Items from a dataset
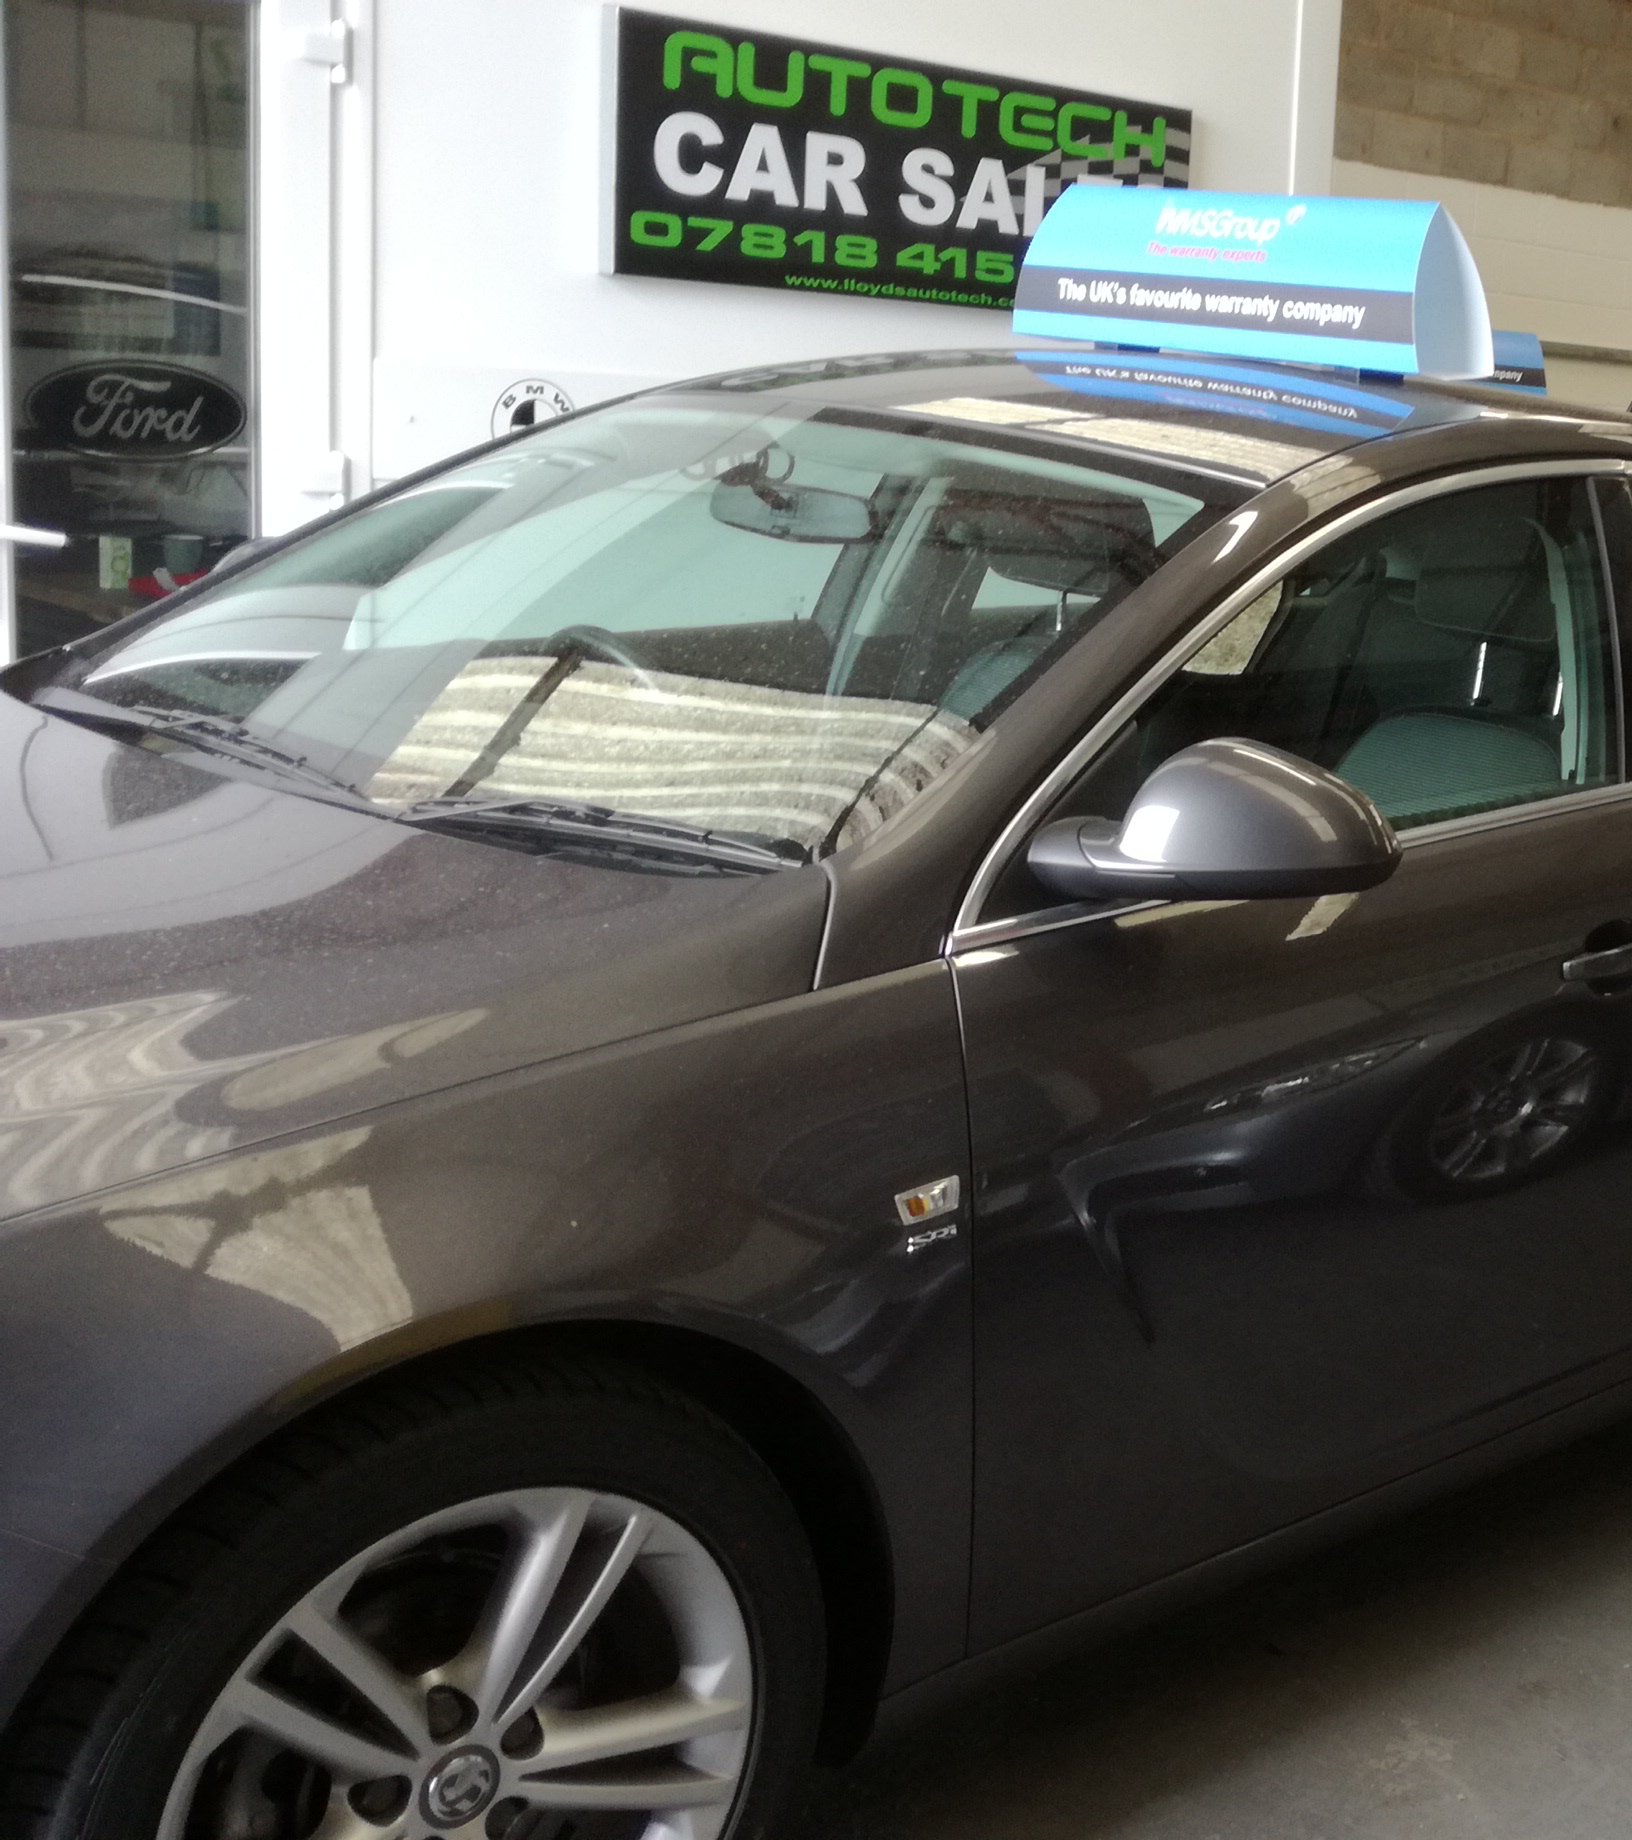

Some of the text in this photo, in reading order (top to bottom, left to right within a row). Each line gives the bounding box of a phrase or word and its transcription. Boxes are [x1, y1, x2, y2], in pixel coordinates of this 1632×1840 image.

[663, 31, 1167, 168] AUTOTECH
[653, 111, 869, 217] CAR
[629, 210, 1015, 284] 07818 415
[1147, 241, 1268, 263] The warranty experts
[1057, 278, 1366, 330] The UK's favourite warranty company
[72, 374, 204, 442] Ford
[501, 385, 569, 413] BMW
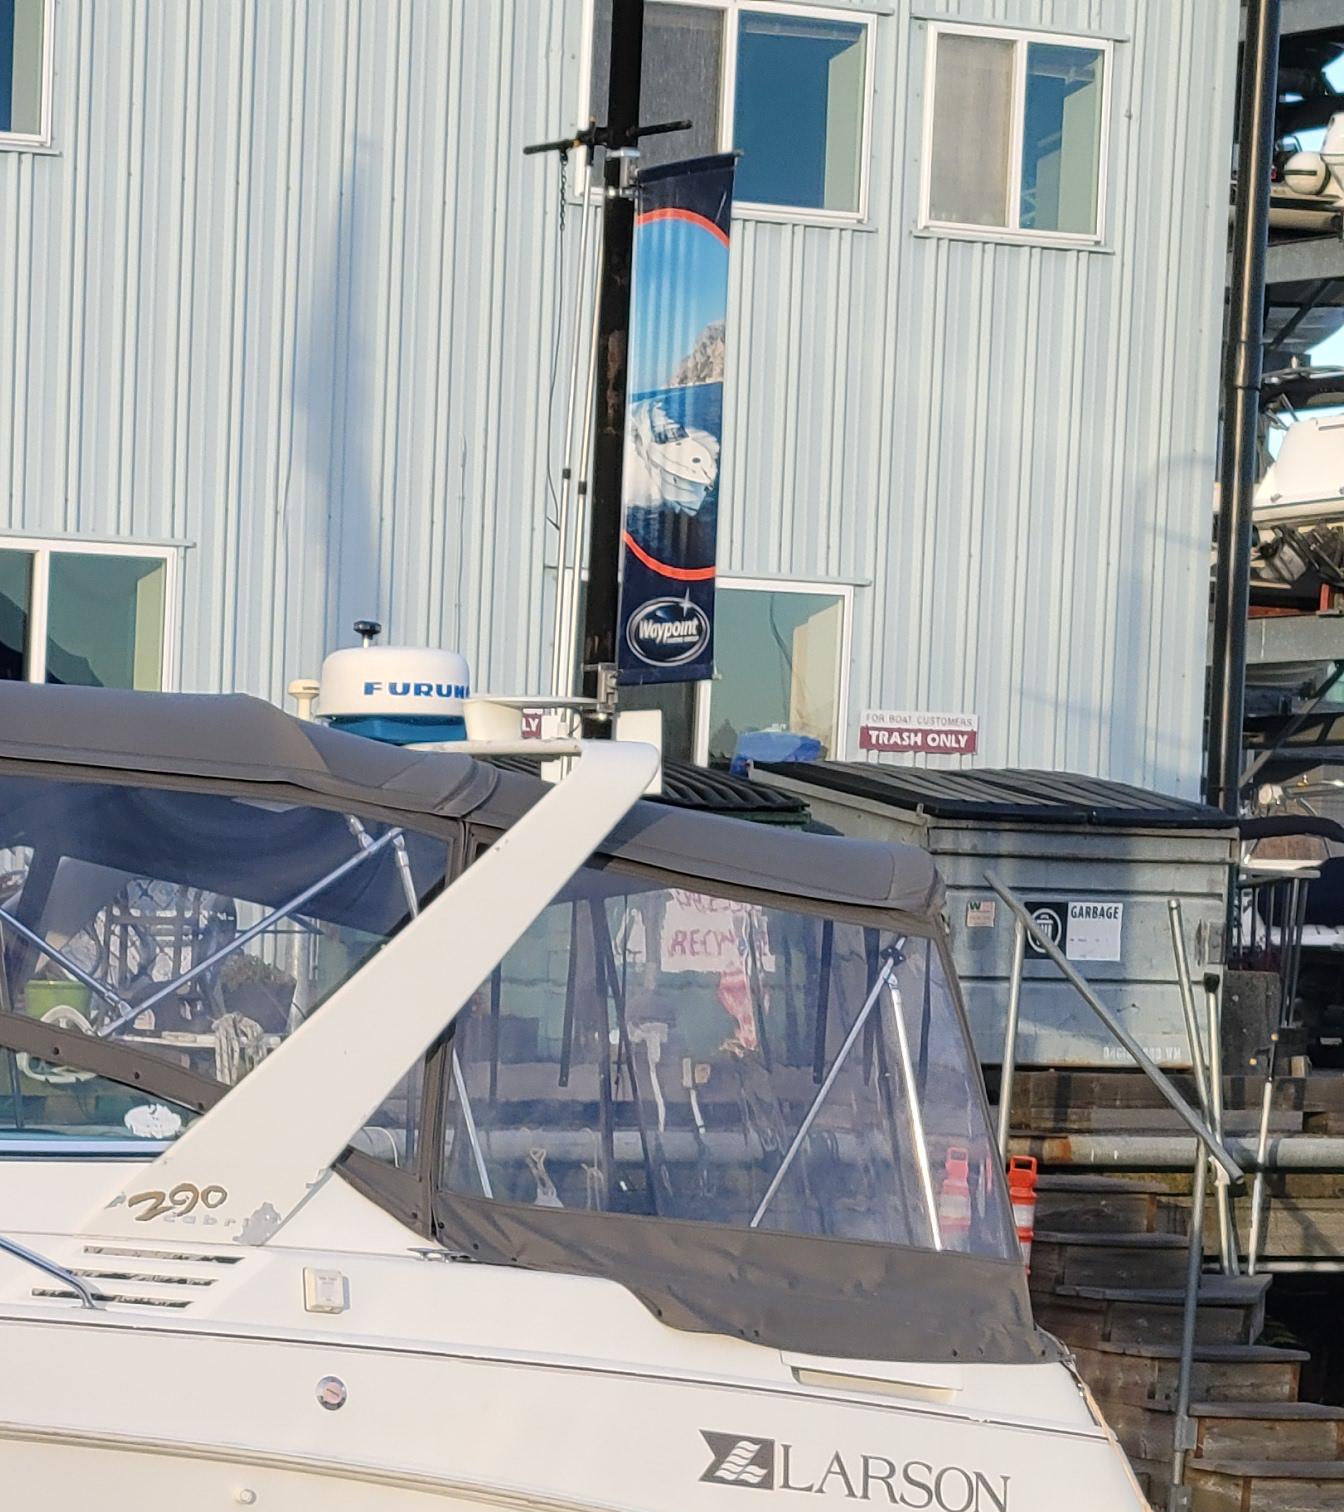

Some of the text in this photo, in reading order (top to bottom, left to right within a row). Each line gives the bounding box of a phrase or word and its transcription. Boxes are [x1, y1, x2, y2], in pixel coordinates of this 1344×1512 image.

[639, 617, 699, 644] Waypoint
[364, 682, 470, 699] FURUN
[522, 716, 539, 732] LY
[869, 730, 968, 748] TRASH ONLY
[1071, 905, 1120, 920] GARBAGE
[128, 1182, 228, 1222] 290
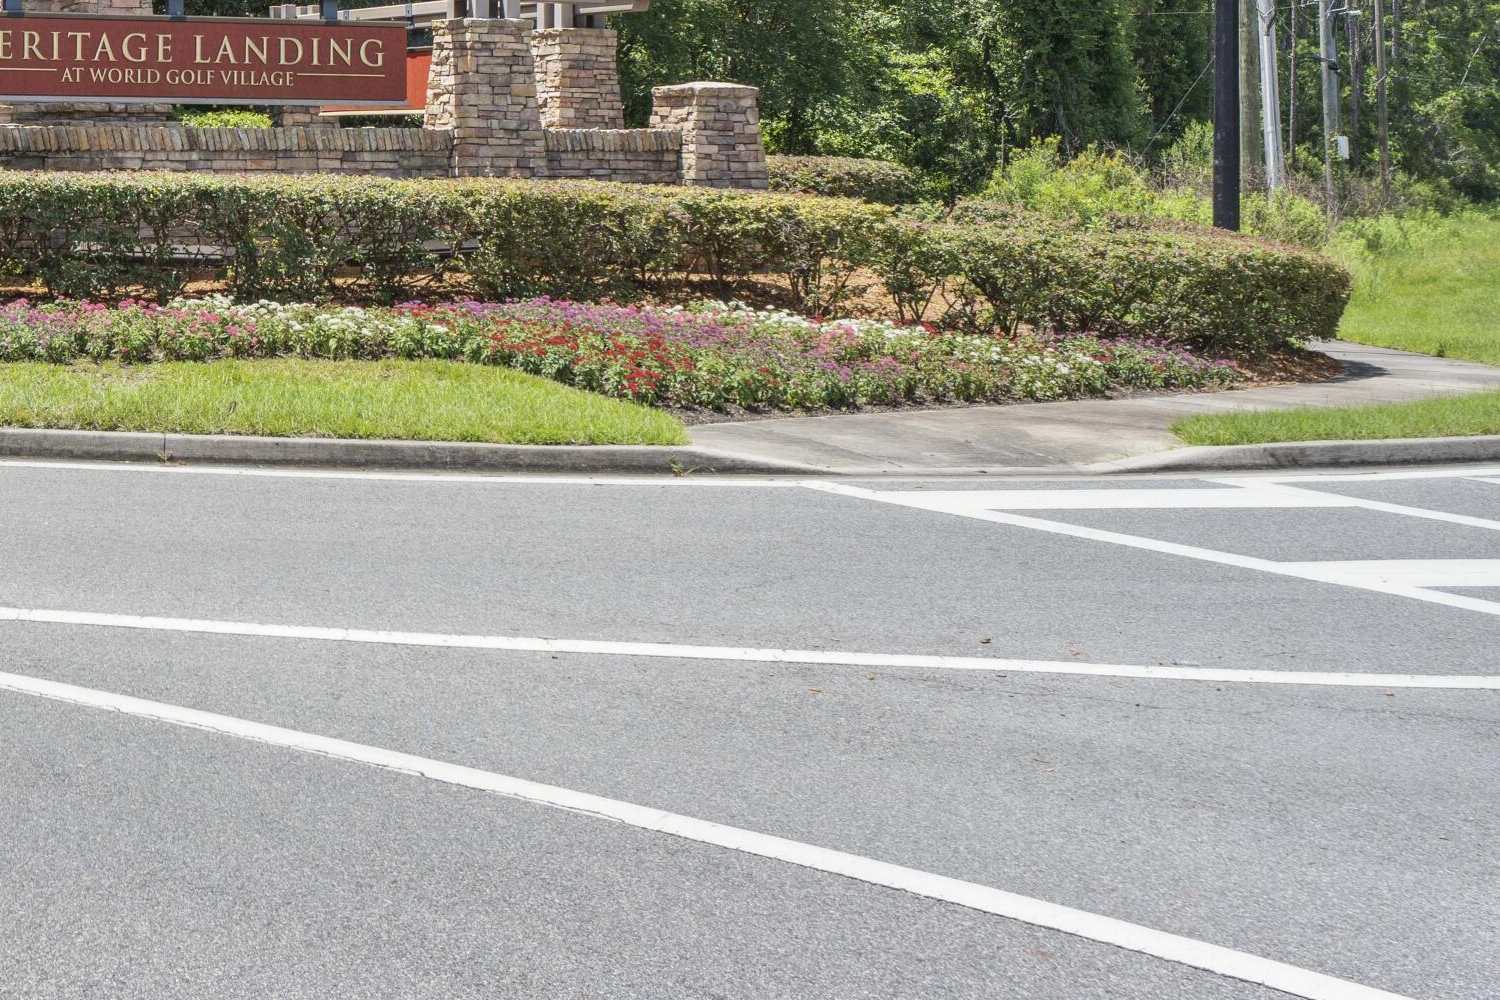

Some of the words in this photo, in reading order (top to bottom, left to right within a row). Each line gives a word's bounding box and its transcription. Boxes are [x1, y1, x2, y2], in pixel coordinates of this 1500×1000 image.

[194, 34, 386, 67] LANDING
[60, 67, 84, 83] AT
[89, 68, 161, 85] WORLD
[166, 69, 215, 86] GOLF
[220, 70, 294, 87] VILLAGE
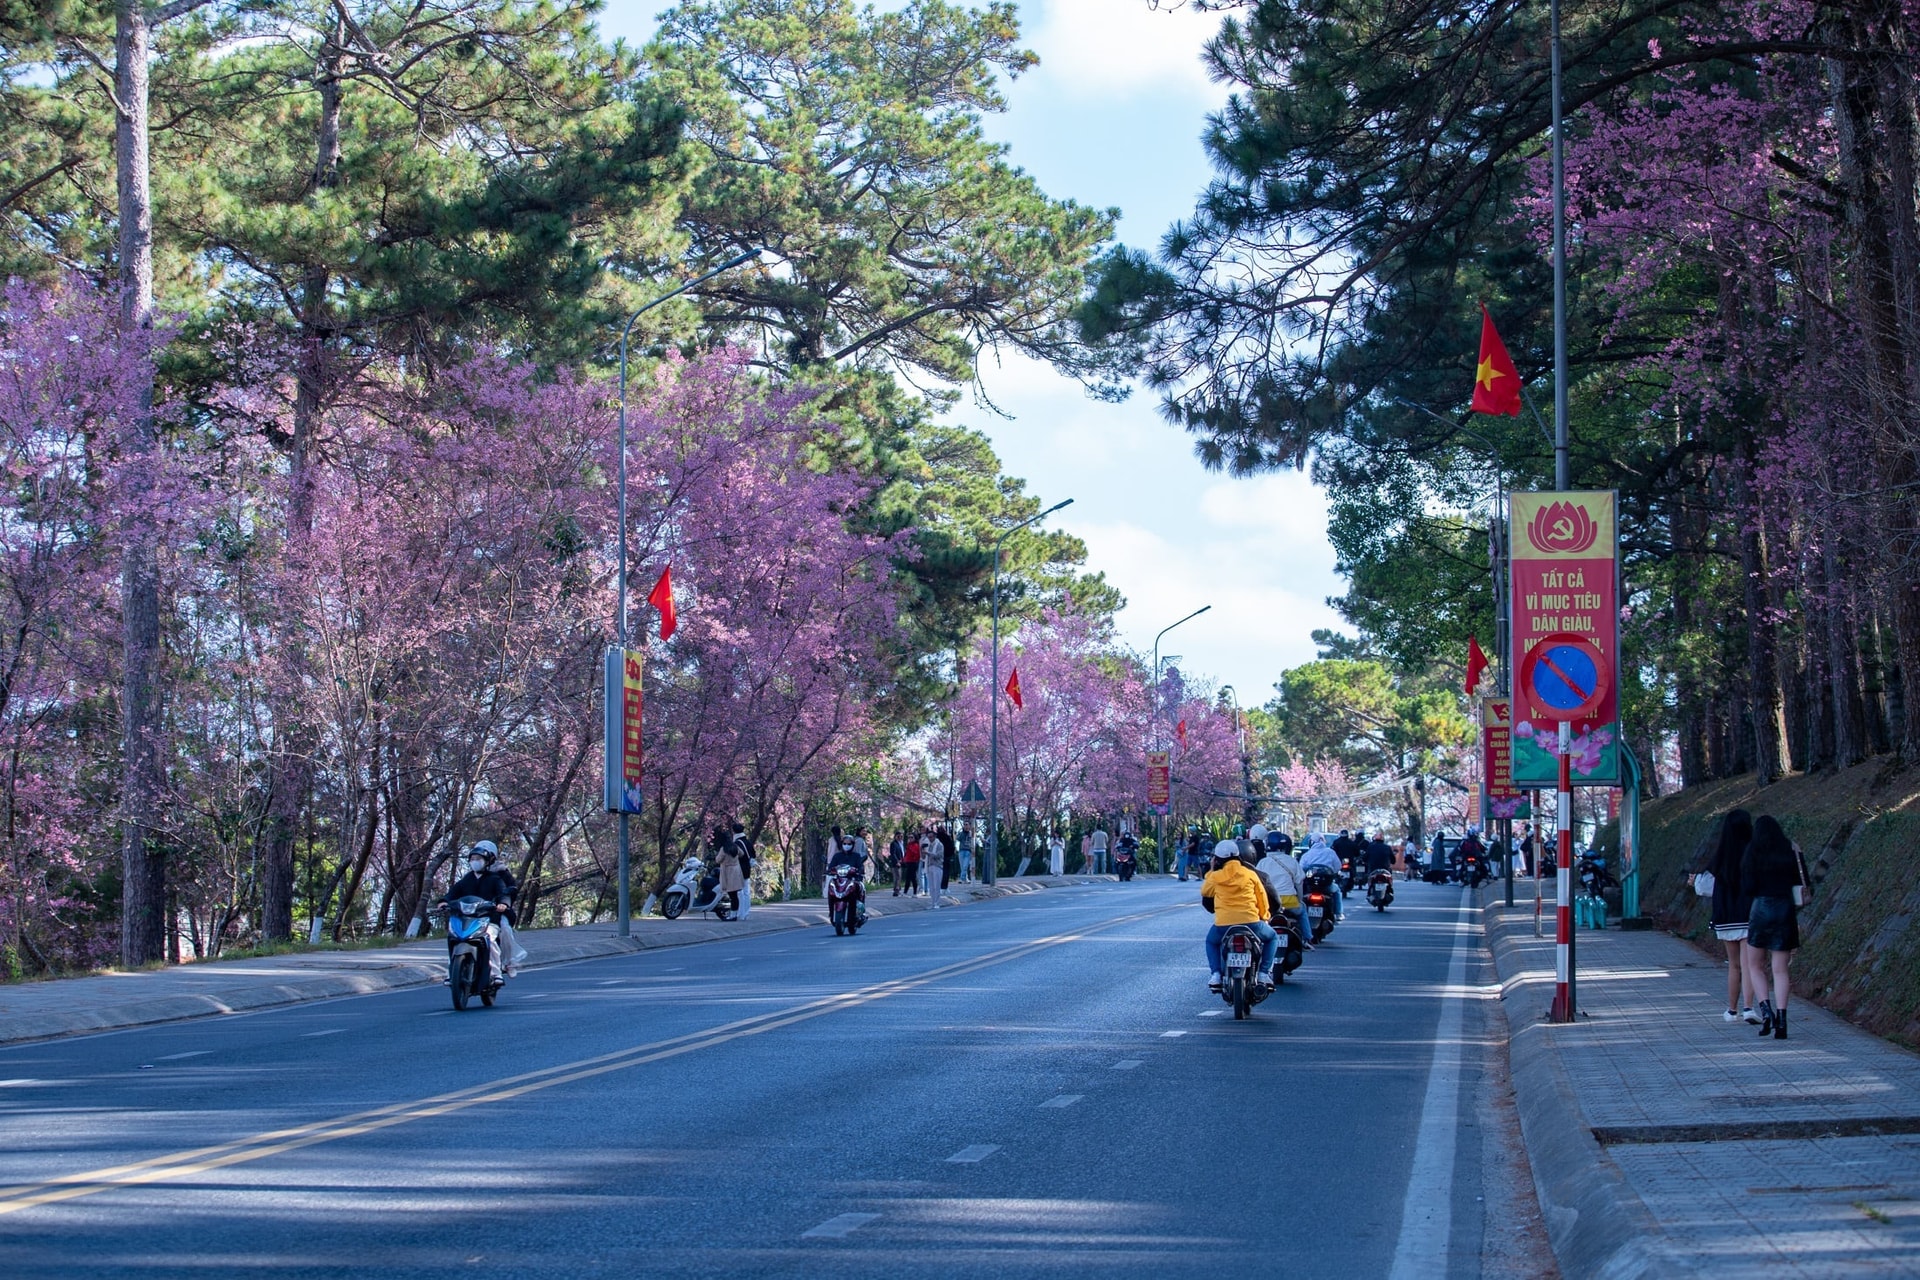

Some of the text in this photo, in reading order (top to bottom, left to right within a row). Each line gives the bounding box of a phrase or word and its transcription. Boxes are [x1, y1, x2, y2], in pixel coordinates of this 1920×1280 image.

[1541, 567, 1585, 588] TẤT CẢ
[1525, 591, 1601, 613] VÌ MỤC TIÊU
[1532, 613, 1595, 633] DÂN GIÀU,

**Work required**
Write out exactly the lines that run from the one containing "this 1920×1280 image." to the end of the records, both end lines included.

**Answer to the exercise**
Some of the text in this photo, in reading order (top to bottom, left to right within a row). Each line gives the bounding box of a phrase or word and its transcription. Boxes are [x1, y1, x2, y2], in pixel coordinates of this 1920×1280 image.

[1541, 567, 1585, 588] TẤT CẢ
[1525, 591, 1601, 613] VÌ MỤC TIÊU
[1532, 613, 1595, 633] DÂN GIÀU,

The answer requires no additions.